Recent years have seen a rise in anti-corruption protest movements across postsocialist states. In January, thousands took to the streets of Bucharest in the largest such demonstration since the fall of Ceaucescu. From Russia to Ukraine, Moldova, Poland and Romania, these protest cycles see citizens come together — whether on the square or in activist groups — to demand that public officials do not steal or abuse their positions. These movements are frequently framed in patriotic terms, and, in certain conditions, express anti-oligarchic, anti-communist and anti-authoritarian sentiments.

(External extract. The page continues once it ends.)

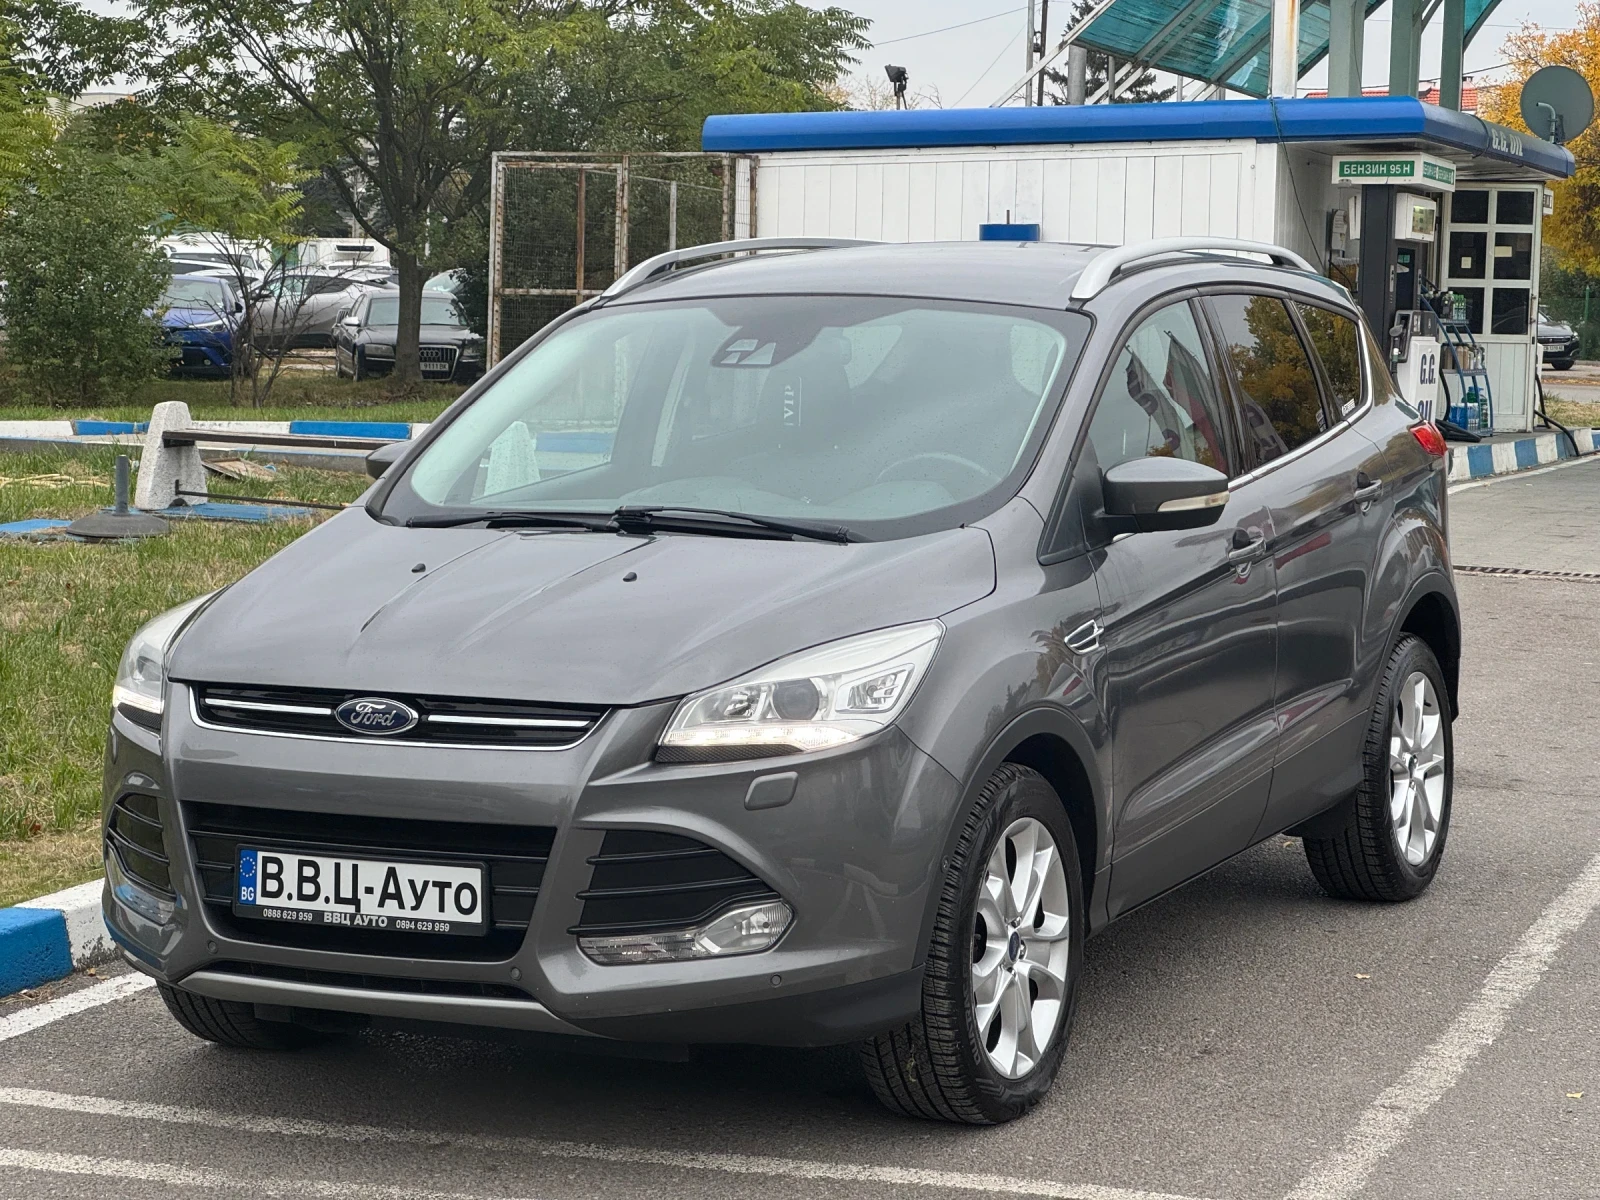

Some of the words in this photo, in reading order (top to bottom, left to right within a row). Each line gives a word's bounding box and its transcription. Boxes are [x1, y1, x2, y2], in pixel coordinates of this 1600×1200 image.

But is the anti-corruption agenda as we know it stifling other kinds of politics from emerging? There is a common sense hypothesis, found in the rhetoric of prominent opposition figures and the analysis of external commentators, that anti-corruption is the only agenda that can unite otherwise disparate groups of people — disparate by ethnicity, profession, class, education or gender. We cannot morally stomach the deception involved in public theft, it goes, that surely we can all come together to stop it. Likewise, the sense of morality that underpins the populist language against “corrupt people in power” is this agenda’s main ingredient (mass indignation and outrage), rather than any substantive discussion of what kind of polity the people involved actually wish to live in. In this sense, to be against corruption is to be “anti-political” (all politics, after all, is corrupt), and to whitewash other interests and divisions in favour of national salvation.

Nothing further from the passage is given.